> Your assignment:
Only the pictures should be left out; repeat the rest of the data exactly.

> Supplied data:
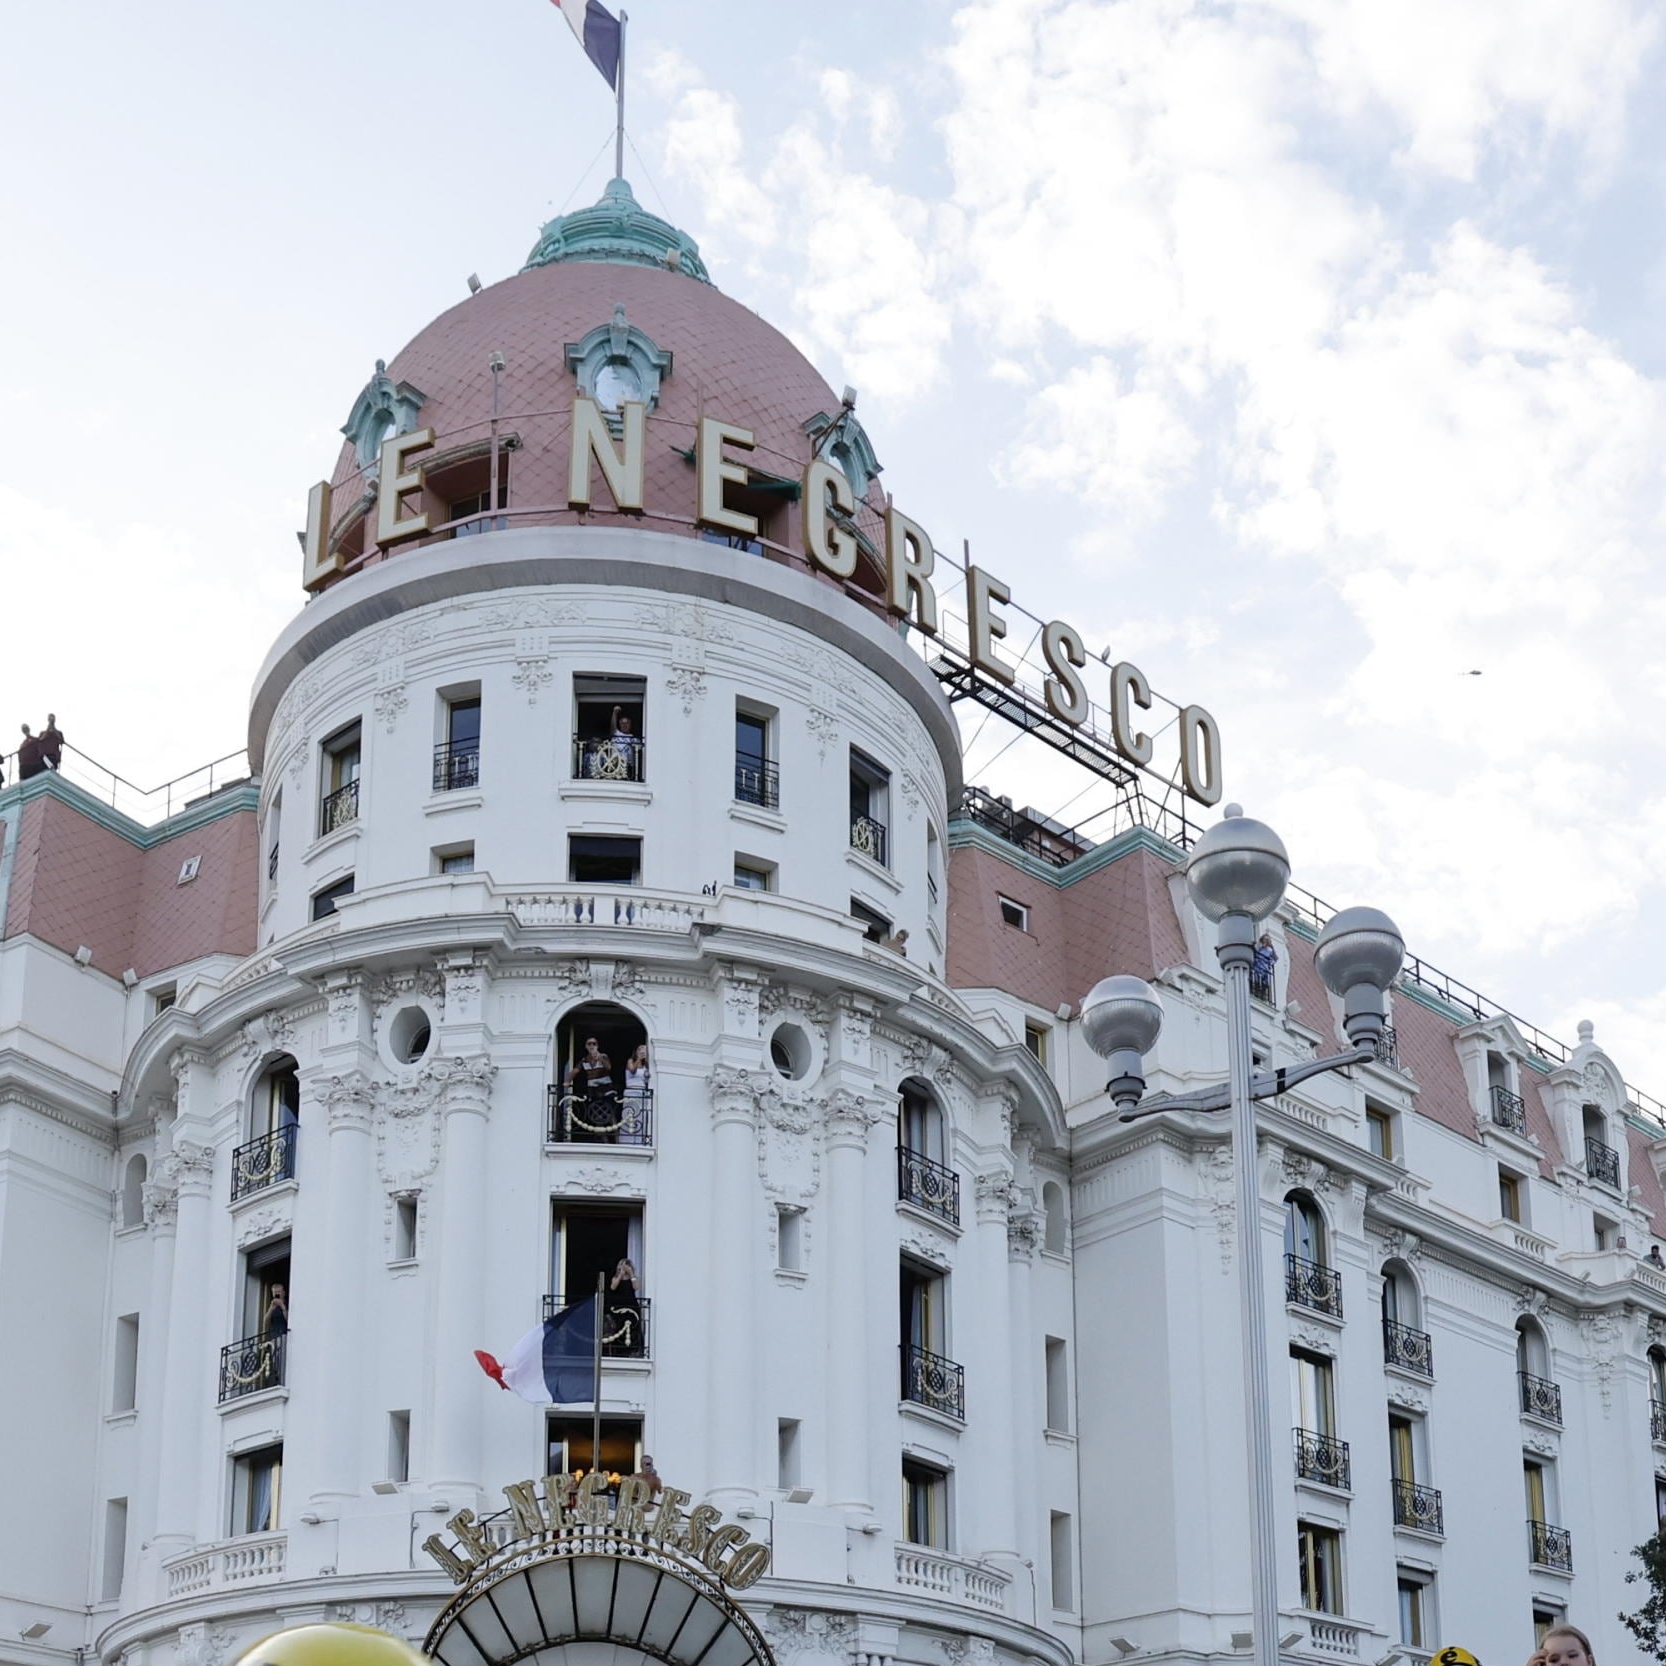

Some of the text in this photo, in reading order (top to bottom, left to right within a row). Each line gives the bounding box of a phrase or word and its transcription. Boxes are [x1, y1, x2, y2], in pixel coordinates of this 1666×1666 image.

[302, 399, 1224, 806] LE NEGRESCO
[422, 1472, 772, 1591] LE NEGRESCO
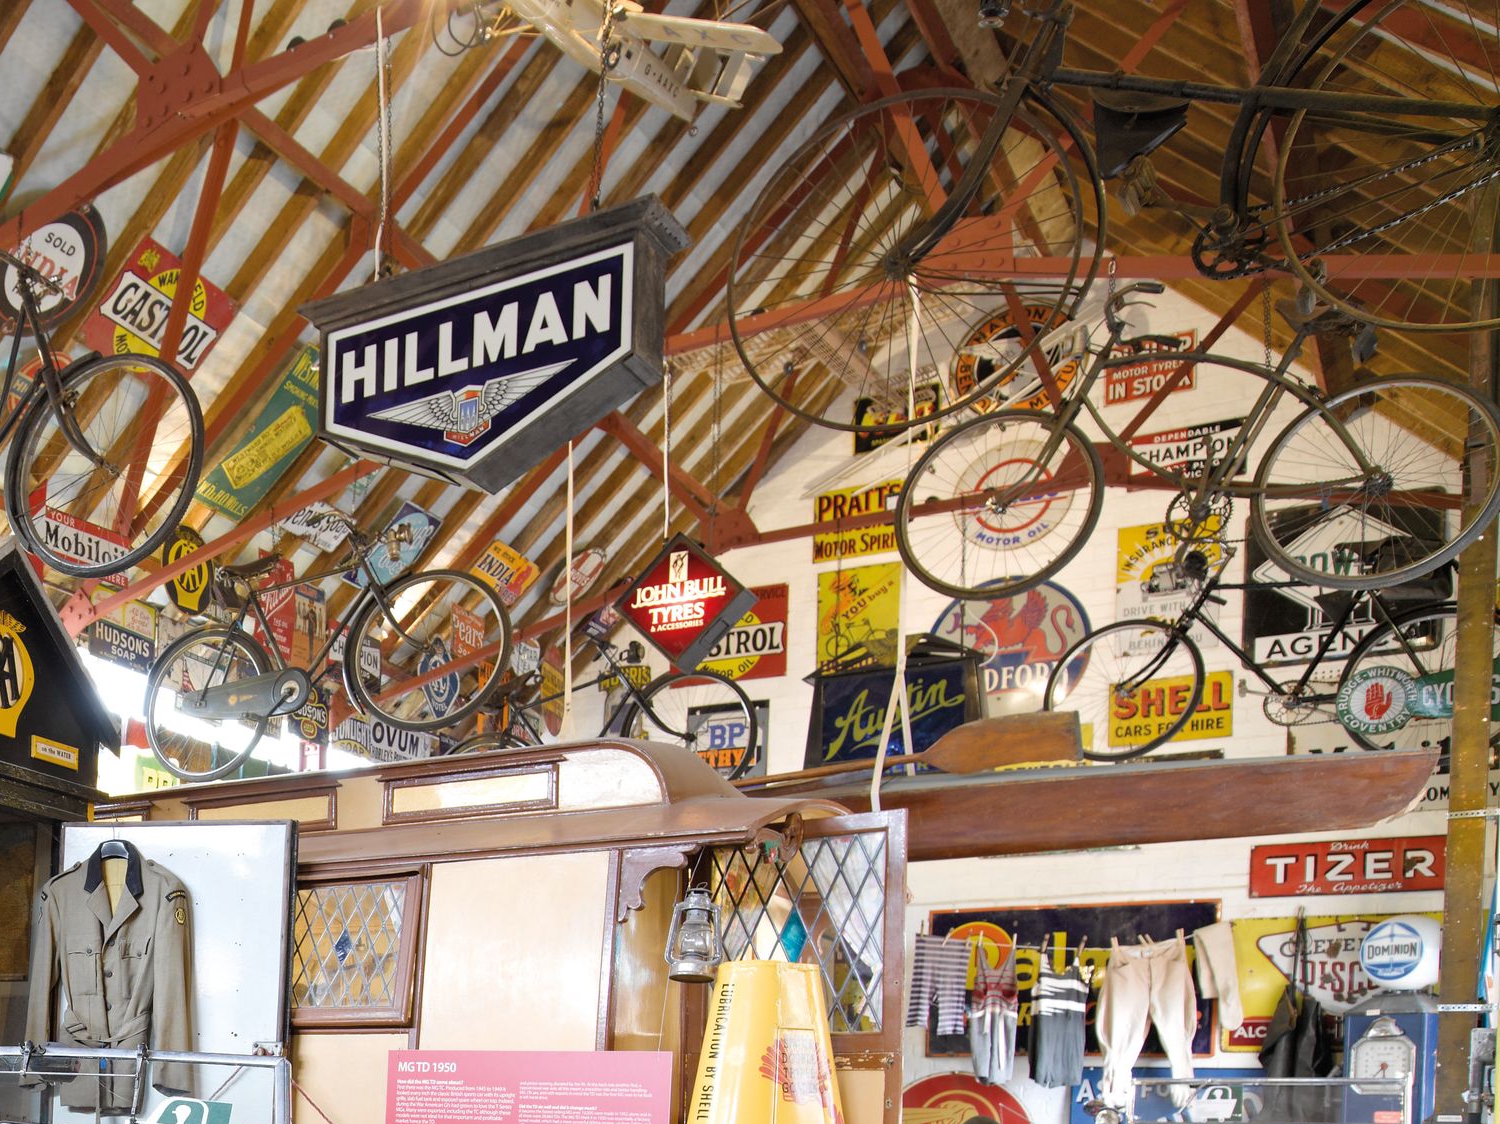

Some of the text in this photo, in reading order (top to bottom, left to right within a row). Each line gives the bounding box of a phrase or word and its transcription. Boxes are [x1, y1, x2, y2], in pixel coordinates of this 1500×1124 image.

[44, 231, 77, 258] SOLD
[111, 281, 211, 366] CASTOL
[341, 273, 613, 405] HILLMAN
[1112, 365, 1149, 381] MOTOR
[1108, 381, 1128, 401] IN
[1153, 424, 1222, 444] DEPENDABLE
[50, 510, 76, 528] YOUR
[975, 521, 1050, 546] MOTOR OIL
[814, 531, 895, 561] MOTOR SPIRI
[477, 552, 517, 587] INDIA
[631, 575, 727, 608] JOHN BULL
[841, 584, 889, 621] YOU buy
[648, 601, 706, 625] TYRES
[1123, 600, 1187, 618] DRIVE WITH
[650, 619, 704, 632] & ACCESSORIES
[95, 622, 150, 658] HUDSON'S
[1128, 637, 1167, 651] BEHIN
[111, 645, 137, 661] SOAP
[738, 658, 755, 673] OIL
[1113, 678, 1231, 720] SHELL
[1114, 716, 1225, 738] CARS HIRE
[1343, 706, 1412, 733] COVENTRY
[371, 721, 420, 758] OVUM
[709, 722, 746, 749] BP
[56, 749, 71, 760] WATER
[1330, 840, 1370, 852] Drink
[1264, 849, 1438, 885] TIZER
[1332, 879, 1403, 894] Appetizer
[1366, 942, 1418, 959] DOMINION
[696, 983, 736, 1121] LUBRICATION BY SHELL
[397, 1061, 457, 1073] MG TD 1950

> Answer below:
Some of the text in this photo, in reading order (top to bottom, left to right within a row). Each line gives the bounding box of a phrase or word and its transcription. Boxes are [x1, y1, x2, y2], in pixel coordinates of this 1666×1666 image.

[302, 399, 1224, 806] LE NEGRESCO
[422, 1472, 772, 1591] LE NEGRESCO

Some of the text in this photo, in reading order (top to bottom, left to right within a row). Each line gives the bounding box of a phrase or word and its transcription. Boxes are [x1, y1, x2, y2], in pixel coordinates of this 1500×1124 image.

[44, 231, 77, 258] SOLD
[111, 281, 211, 366] CASTOL
[341, 273, 613, 405] HILLMAN
[1112, 365, 1149, 381] MOTOR
[1108, 381, 1128, 401] IN
[1153, 424, 1222, 444] DEPENDABLE
[50, 510, 76, 528] YOUR
[975, 521, 1050, 546] MOTOR OIL
[814, 531, 895, 561] MOTOR SPIRI
[477, 552, 517, 587] INDIA
[631, 575, 727, 608] JOHN BULL
[841, 584, 889, 621] YOU buy
[648, 601, 706, 625] TYRES
[1123, 600, 1187, 618] DRIVE WITH
[650, 619, 704, 632] & ACCESSORIES
[95, 622, 150, 658] HUDSON'S
[1128, 637, 1167, 651] BEHIN
[111, 645, 137, 661] SOAP
[738, 658, 755, 673] OIL
[1113, 678, 1231, 720] SHELL
[1114, 716, 1225, 738] CARS HIRE
[1343, 706, 1412, 733] COVENTRY
[371, 721, 420, 758] OVUM
[709, 722, 746, 749] BP
[56, 749, 71, 760] WATER
[1330, 840, 1370, 852] Drink
[1264, 849, 1438, 885] TIZER
[1332, 879, 1403, 894] Appetizer
[1366, 942, 1418, 959] DOMINION
[696, 983, 736, 1121] LUBRICATION BY SHELL
[397, 1061, 457, 1073] MG TD 1950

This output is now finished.